- _ABOUT THIS TASK_
Extract every record, exactly as written, and ignore the pictures.
#####
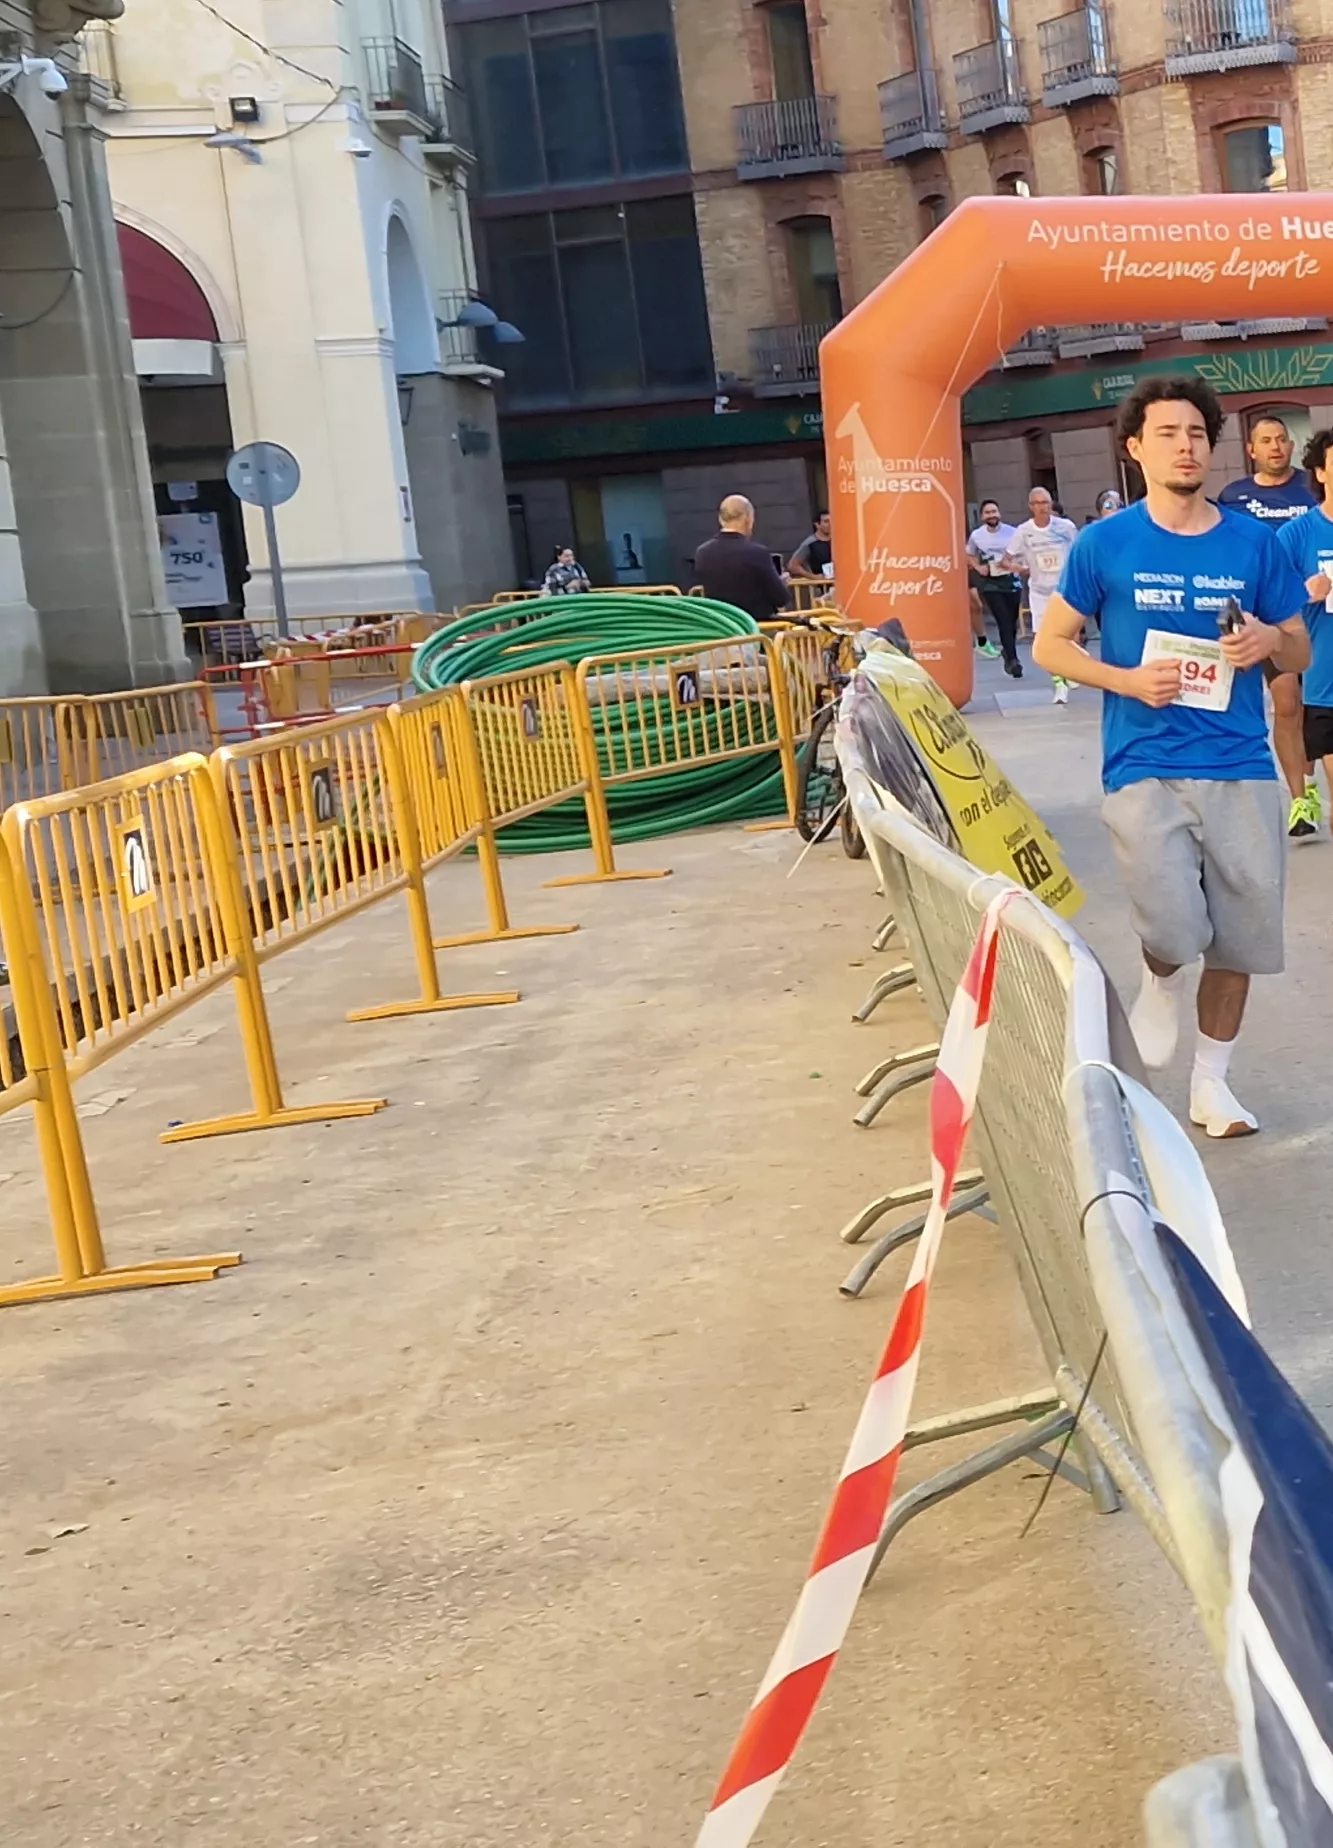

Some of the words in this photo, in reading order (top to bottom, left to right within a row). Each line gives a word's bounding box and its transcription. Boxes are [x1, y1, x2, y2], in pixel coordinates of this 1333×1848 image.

[1027, 218, 1231, 249] Ayuntamiento
[1238, 217, 1272, 241] de
[1100, 248, 1216, 283] Hacemos
[1221, 247, 1320, 290] deporte
[840, 476, 855, 494] de
[861, 476, 932, 493] Huesca
[867, 546, 951, 572] Hacemos
[869, 574, 944, 606] deporte
[1134, 588, 1185, 604] NEXT
[1180, 659, 1218, 684] 94
[960, 804, 981, 828] con
[981, 787, 993, 815] el
#####
- _EXERCISE RESULT_
Some of the words in this photo, in reading order (top to bottom, left to right within a row). Each line gives a word's bounding box and its transcription. Boxes are [x1, y1, x2, y2], in pixel coordinates of this 1333×1848 image.

[1027, 218, 1231, 249] Ayuntamiento
[1238, 217, 1272, 241] de
[1100, 248, 1216, 283] Hacemos
[1221, 247, 1320, 290] deporte
[840, 476, 855, 494] de
[861, 476, 932, 493] Huesca
[867, 546, 951, 572] Hacemos
[869, 574, 944, 606] deporte
[1134, 588, 1185, 604] NEXT
[1180, 659, 1218, 684] 94
[960, 804, 981, 828] con
[981, 787, 993, 815] el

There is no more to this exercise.